» **What the task requires**
Please output the records below in full, exactly as given, but without the images.
[[ Data provided open ]]
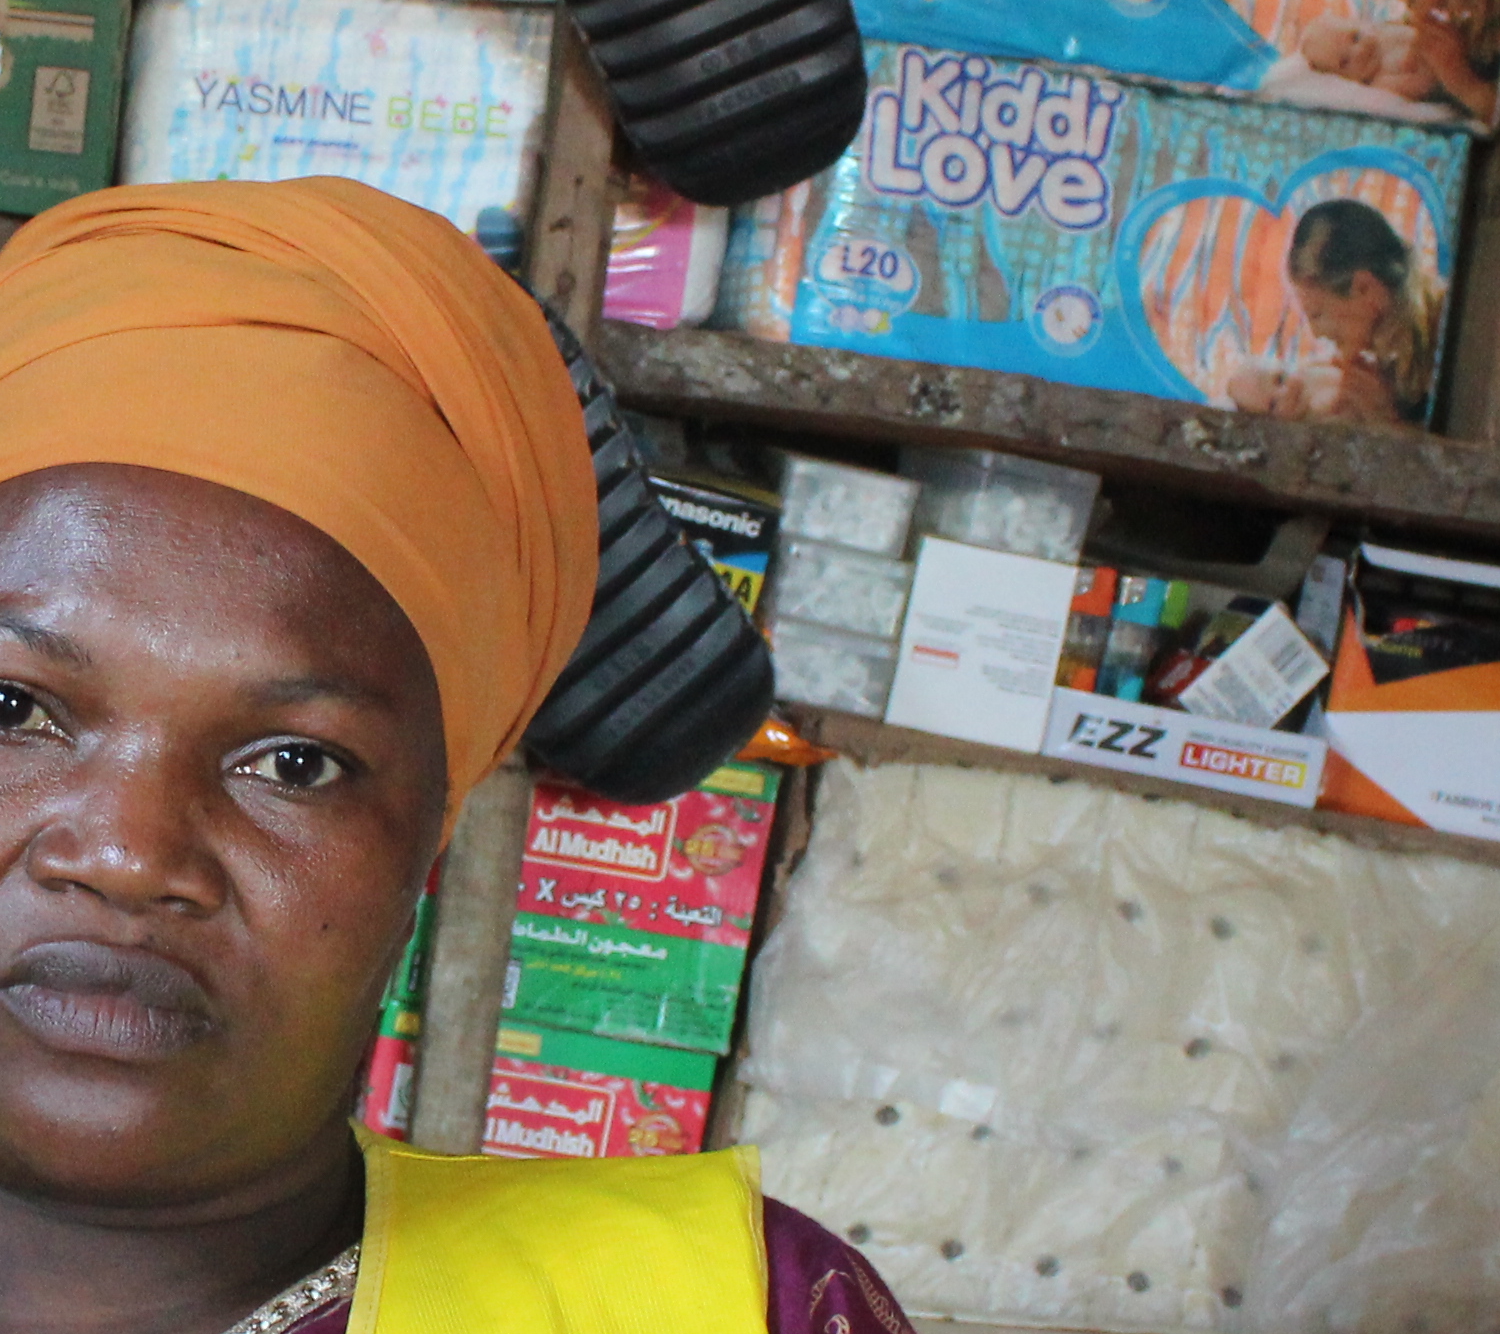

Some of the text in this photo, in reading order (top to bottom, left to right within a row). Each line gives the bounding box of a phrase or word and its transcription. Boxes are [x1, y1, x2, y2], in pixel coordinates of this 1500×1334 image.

[194, 76, 509, 138] YASMINE BEBE
[902, 50, 1126, 161] Kiddi
[868, 94, 1112, 233] Love
[840, 245, 899, 279] L20
[661, 495, 763, 538] nasonic
[1069, 713, 1170, 759] EZZ
[1183, 745, 1303, 787] LIGHTER
[559, 830, 658, 870] Mudhish
[497, 1118, 595, 1158] Mudhish
[[ Data provided closed ]]
» **Exercise solution**
Some of the text in this photo, in reading order (top to bottom, left to right within a row). Each line gives the bounding box of a phrase or word and its transcription. Boxes are [x1, y1, x2, y2], in pixel coordinates of this 1500×1334 image.

[194, 76, 509, 138] YASMINE BEBE
[902, 50, 1126, 161] Kiddi
[868, 94, 1112, 233] Love
[840, 245, 899, 279] L20
[661, 495, 763, 538] nasonic
[1069, 713, 1170, 759] EZZ
[1183, 745, 1303, 787] LIGHTER
[559, 830, 658, 870] Mudhish
[497, 1118, 595, 1158] Mudhish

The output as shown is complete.